▸ Exercise aim: When you transcribe the entries, reproduce every character and exclude the images.

Items from a data source
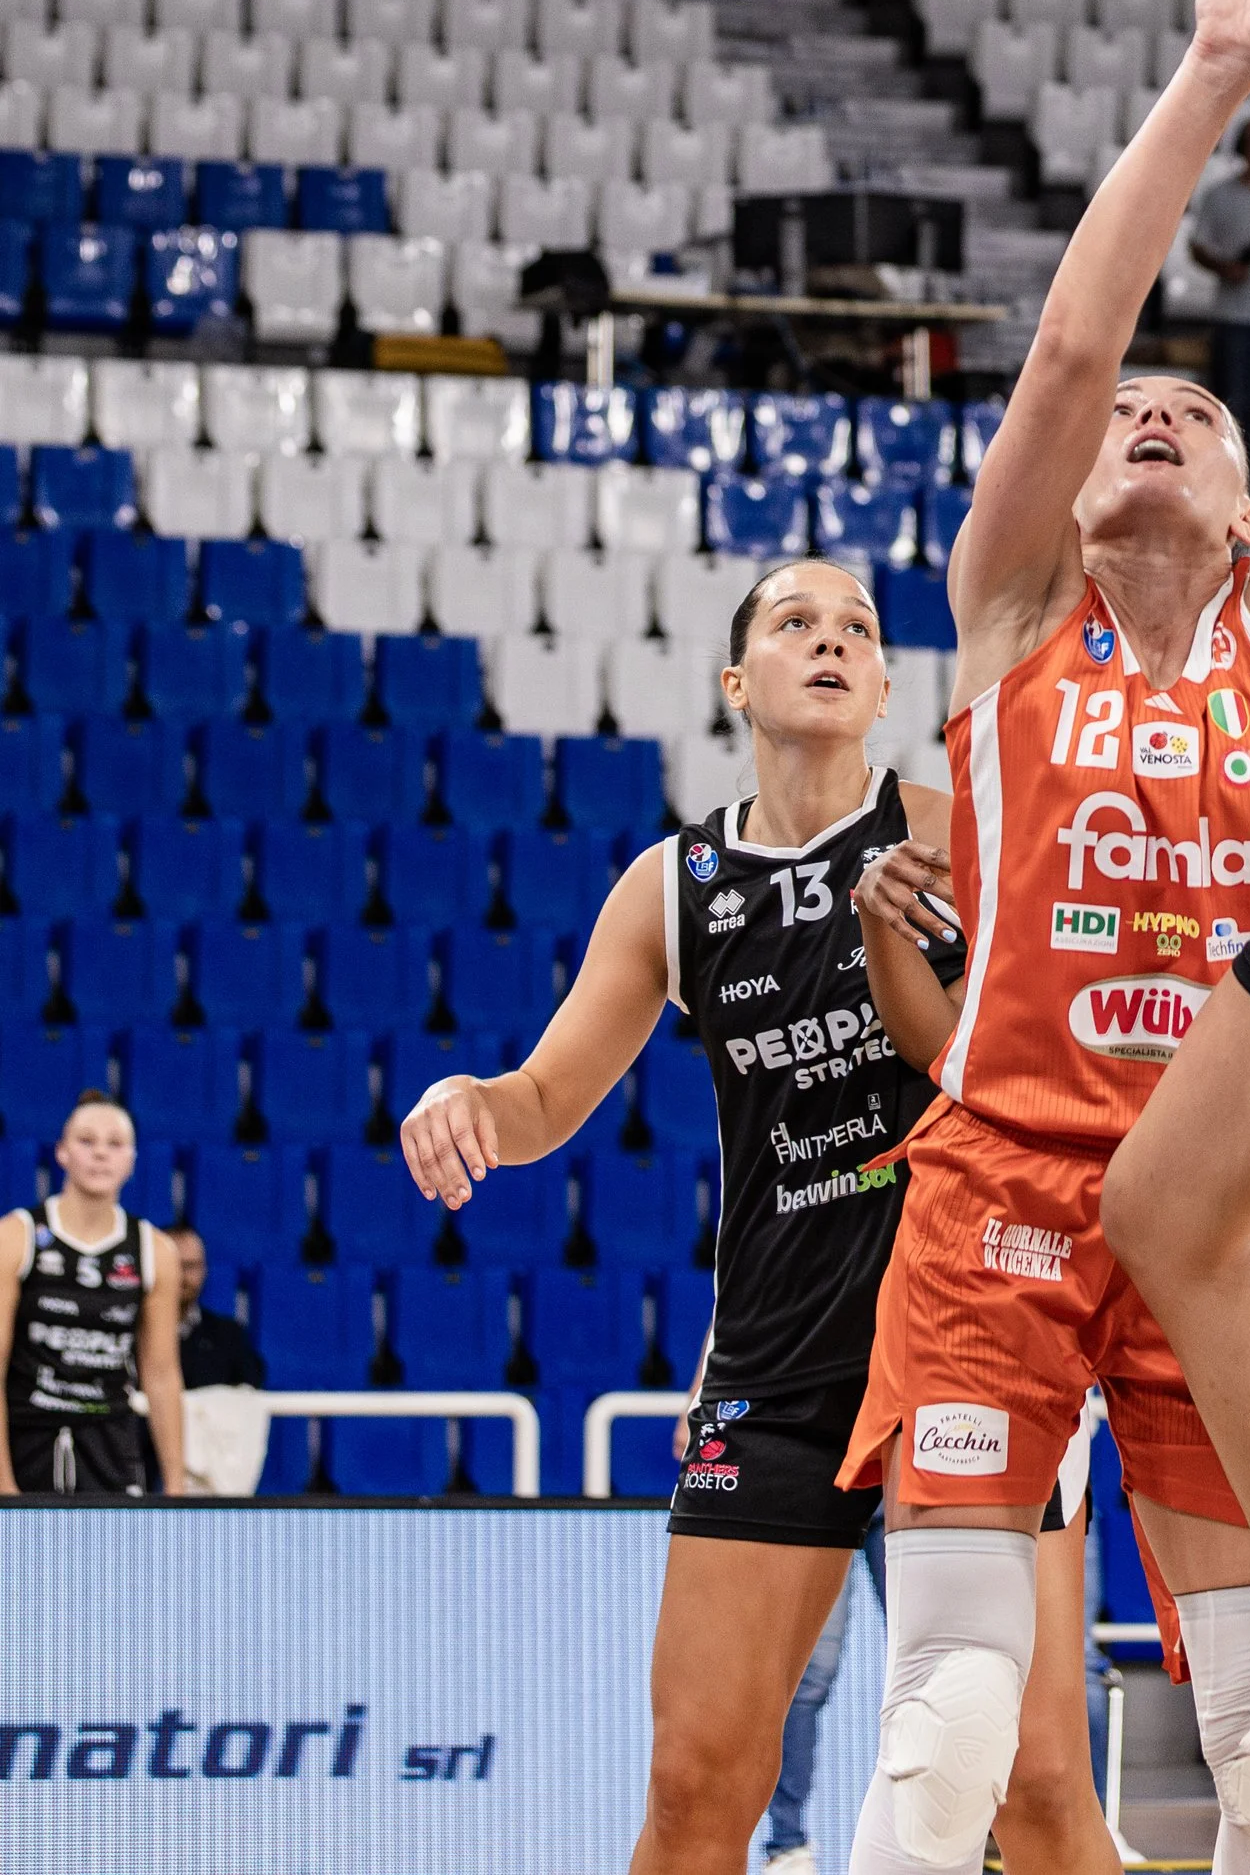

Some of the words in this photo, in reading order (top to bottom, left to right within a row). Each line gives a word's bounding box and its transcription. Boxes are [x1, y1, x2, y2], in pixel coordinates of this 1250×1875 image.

[1051, 678, 1125, 770] 12
[1140, 754, 1192, 765] VENOSTA
[770, 860, 833, 927] 13
[1055, 909, 1117, 937] HDI
[1133, 911, 1200, 939] HYPNO
[719, 974, 781, 1003] HOYA
[1109, 1046, 1168, 1058] SPECIALISTA
[982, 1217, 1003, 1246] IL
[999, 1248, 1063, 1282] VICENZA
[940, 1412, 983, 1427] FRATELLI
[919, 1426, 1001, 1452] Cecchin
[400, 1733, 496, 1781] srl
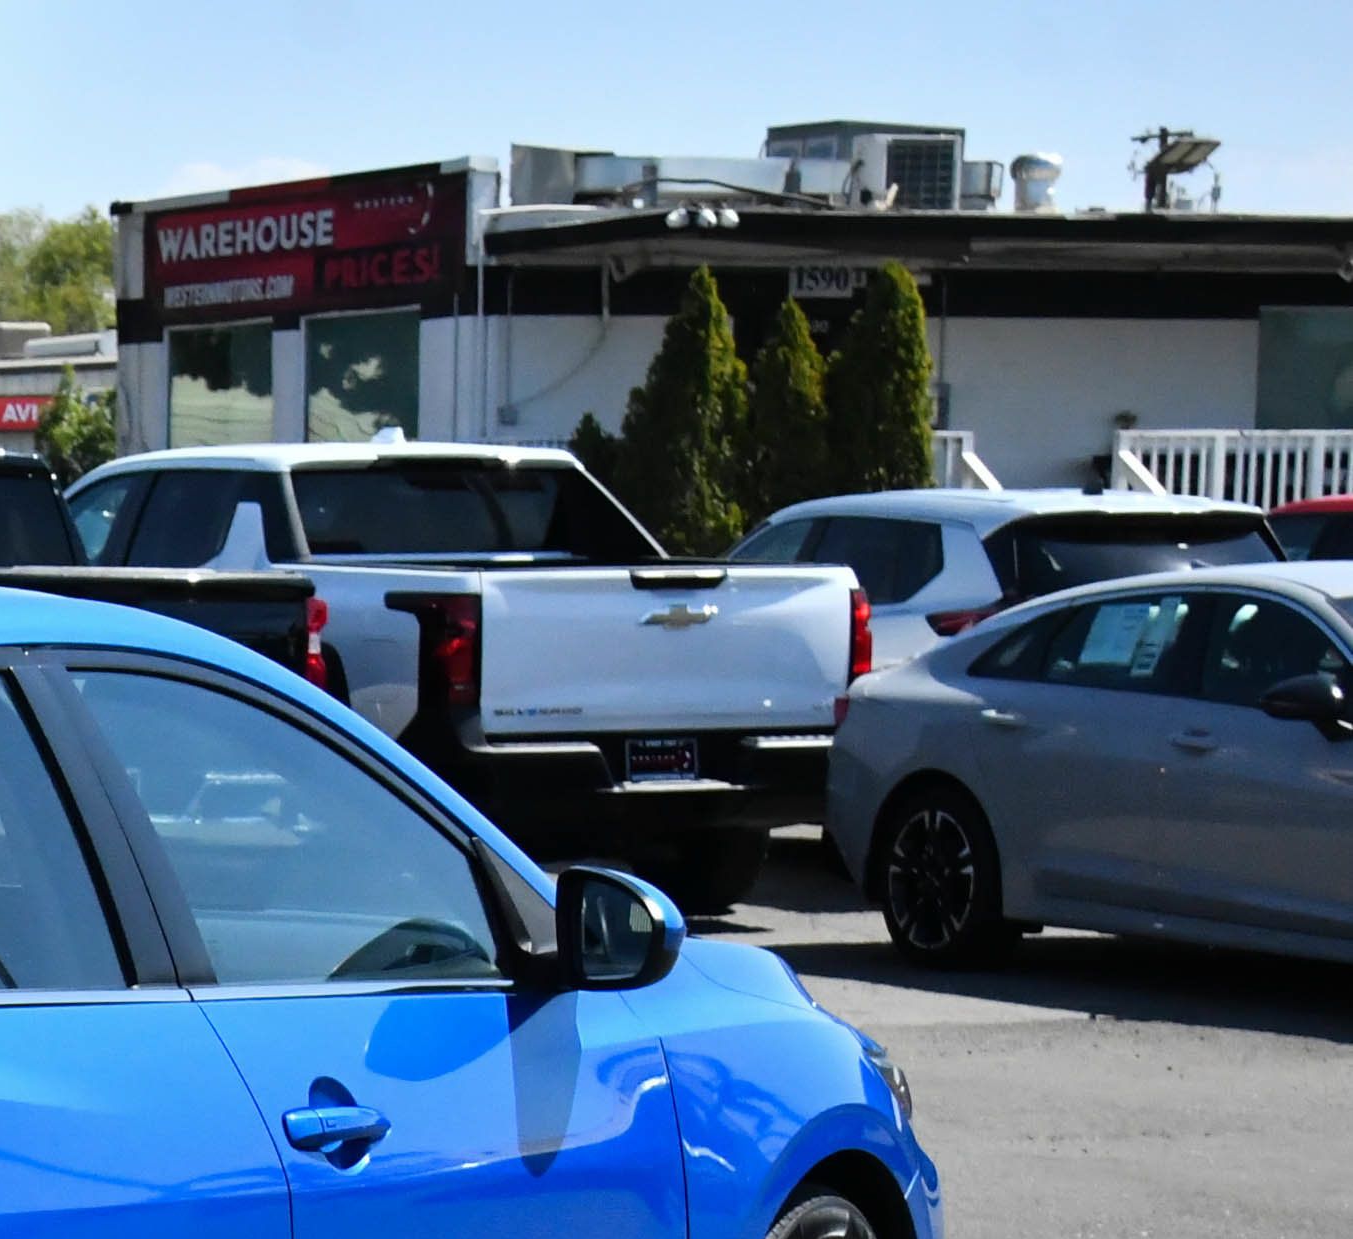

▸ Answer space:
Some of the words in this photo, in reading order (top to bottom, left to right within a row). Each line gives a word's bounding box and its transcription. Boxes are [x1, y1, x2, y2], in pixel coordinates of this 1250×1875 image.

[1051, 678, 1125, 770] 12
[1140, 754, 1192, 765] VENOSTA
[770, 860, 833, 927] 13
[1055, 909, 1117, 937] HDI
[1133, 911, 1200, 939] HYPNO
[719, 974, 781, 1003] HOYA
[1109, 1046, 1168, 1058] SPECIALISTA
[982, 1217, 1003, 1246] IL
[999, 1248, 1063, 1282] VICENZA
[940, 1412, 983, 1427] FRATELLI
[919, 1426, 1001, 1452] Cecchin
[400, 1733, 496, 1781] srl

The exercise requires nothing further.